Tallia, A.F., Stange, K.C., McDaniel, R.R., and others (2003, January). "Understanding organizational designs of primary care practices." (AHRQ grant HS08776). Journal of Healthcare Management 48(1), pp. 45-61.
These authors performed an in-depth case study of the organizational design of 18 family practices, including nine affiliated with five separate hospital systems. Results revealed a great variety in the organizational design of primary care practices. This variety appears to be influenced by the initial conditions under which the practice was organized. Hospital system design in and of itself did not predict the design of affiliated practices. However, hospital systems that allowed greater flexibility of practice organizational designs were more effective at integrating and managing practices.
Taxis, K., and Schneeweiss, S. (2003). "Frequency and predictors of drug therapy interruptions after hospital discharge under physician drug budgets in Germany." (AHRQ grant HS10881). International Journal of Clinical Pharmacology and Therapeutics 41(2), pp. 77-82.

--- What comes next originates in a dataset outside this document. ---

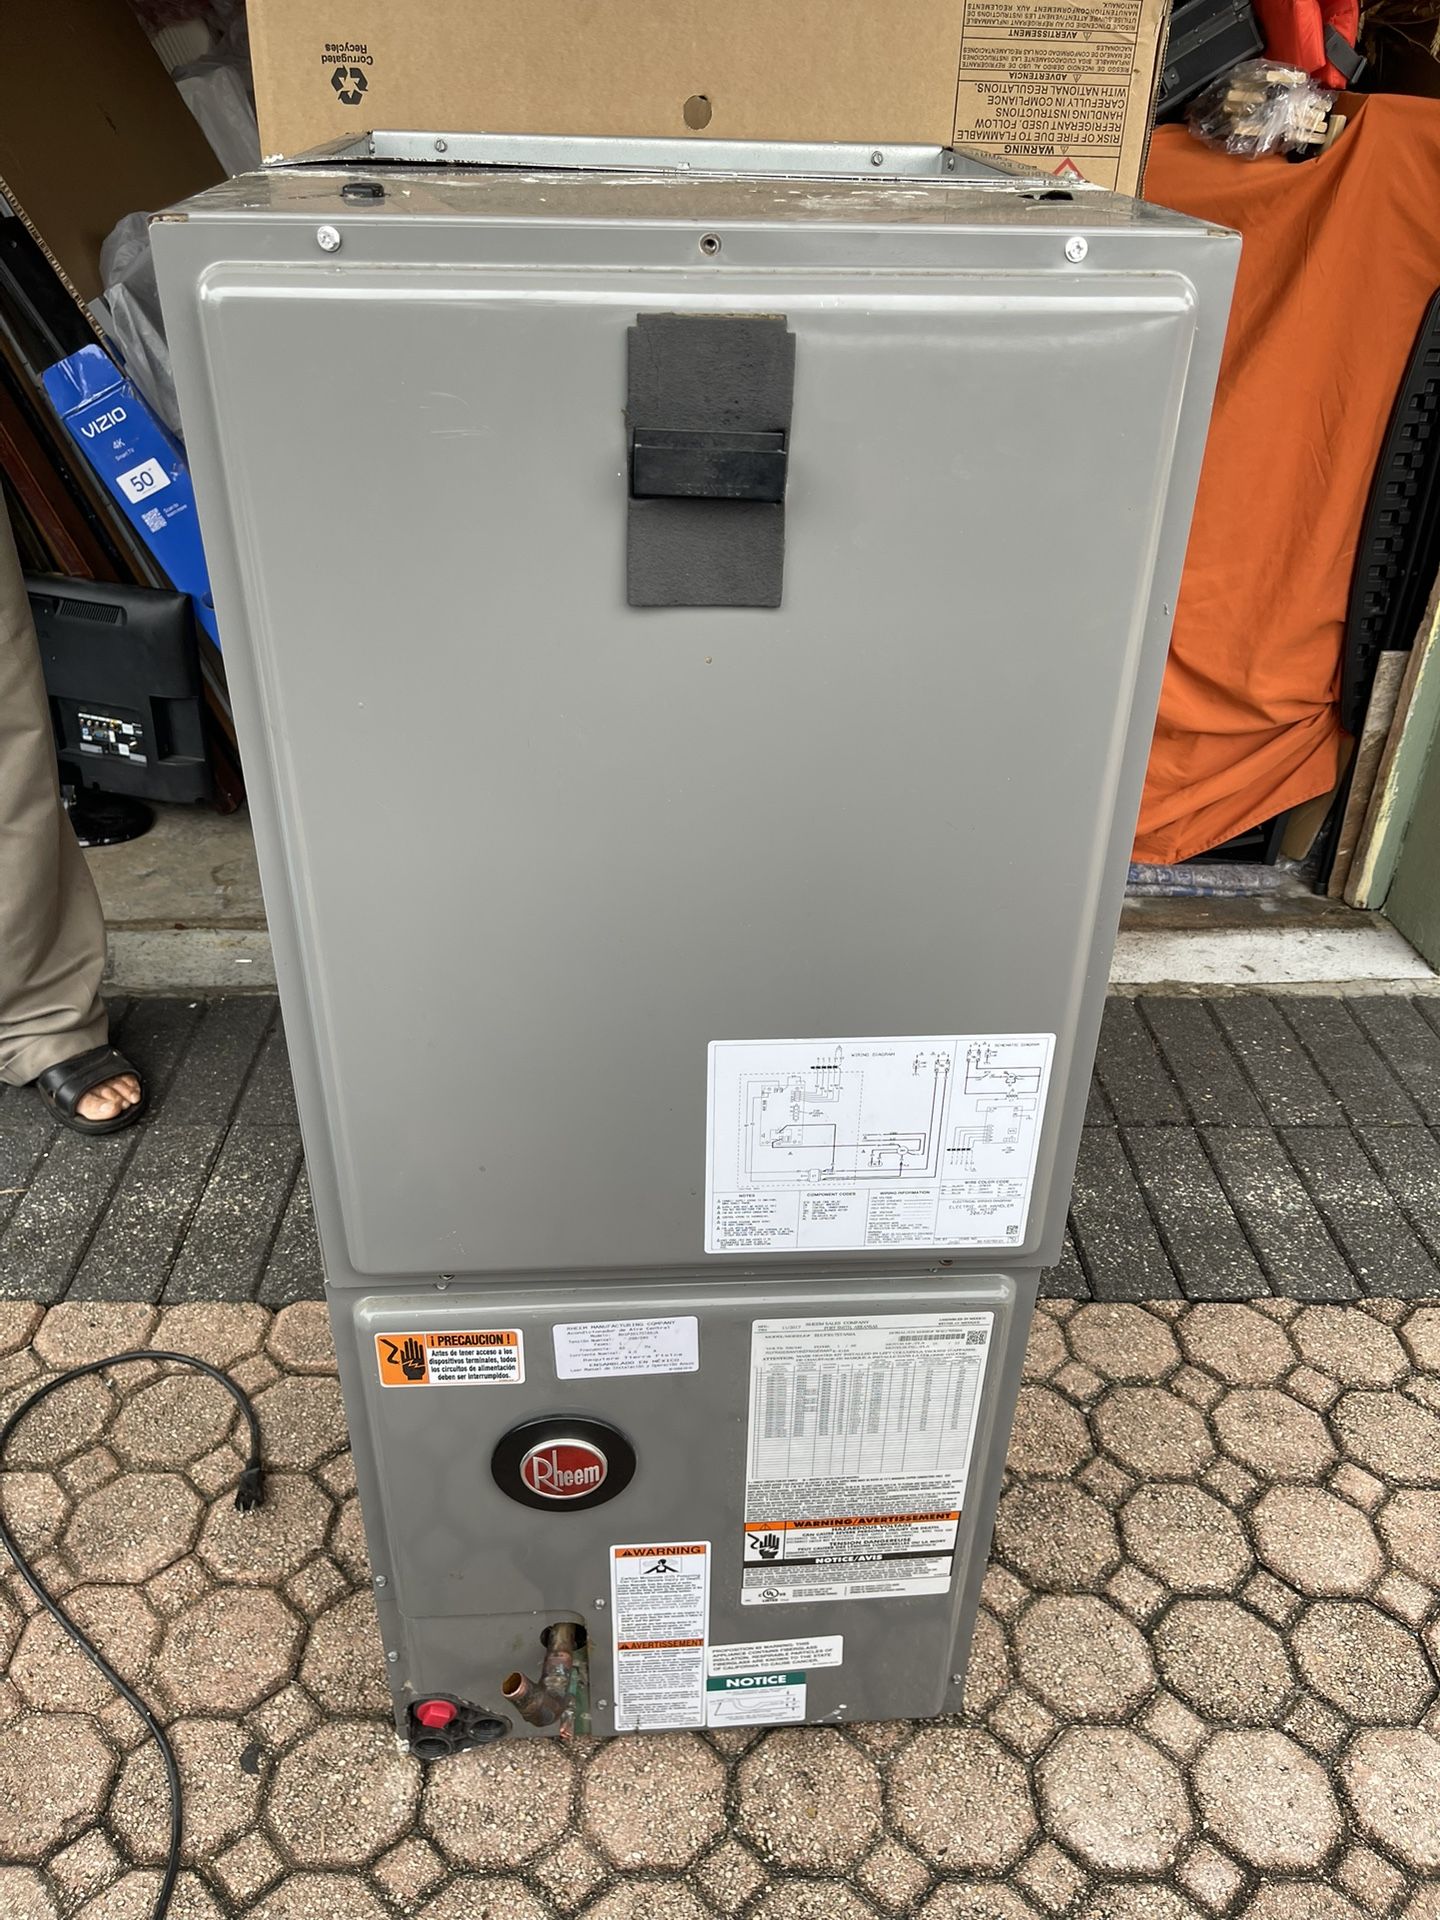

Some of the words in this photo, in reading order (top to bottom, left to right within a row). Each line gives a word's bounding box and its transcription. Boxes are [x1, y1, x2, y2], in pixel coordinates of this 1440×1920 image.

This survey of 890 hospitalized patients found that discontinuation of drug therapy after hospital discharge was common, with the high costs of prescription drugs the most common reason. Overall, 95 percent of patients used prescription drugs at discharge. Of those, drug therapy was interrupted in 14 percent of patients. Reasons for discontinuation included excessive drug costs (54 percent), excessive number of drugs prescribed (26 percent), and differences in judgment on the clinical appropriateness of a drug (19 percent). Patients with gastroduodenal ulcer disease were more likely to discontinue medication after hospital discharge. Discontinuation also tended to be more likely in elderly patients but was slightly less likely in male patients.
Wolinsky, F.D., Wyrwich, K.W., Kroenke, K., and others (2003). "9-11, personal stress, mental health, and sense of control among older adults." (AHRQ grant HS09692, HS07632). Journal of Gerontology: Social Sciences 58B(3), pp. S146-S150.
Older adults who worked for pay, had a comfortable income, and reported greater religiosity were more likely than other older adults to lose a sense of control as a result of the September 11, 2001, terrorist attacks on the World Trade Center and the Pentagon, according to these authors. The increased risk of loss of control among this group may reflect the greater affinity of older adults with these characteristics for the "just world" perspective, which was shattered by the event, and the similarity of the 9/11 victims to themselves. These findings are based on six bimonthly followup interviews—three before 9/11 and three afterwards—with 1,662 patients from several outpatient facilities, as part of a larger study of a clinically relevant change in health-related quality of life. The researchers measured personal stress, mental health, and sense of control at each interview; 291 patients completed all six interviews. There were no noticeable changes in trends for personal stress or mental health associated with 9/11. However, 9/11 was associated with an aggregate decline in sense of control. This decline was greater among those who were working for pay, had more comfortable incomes, and reported being more religious.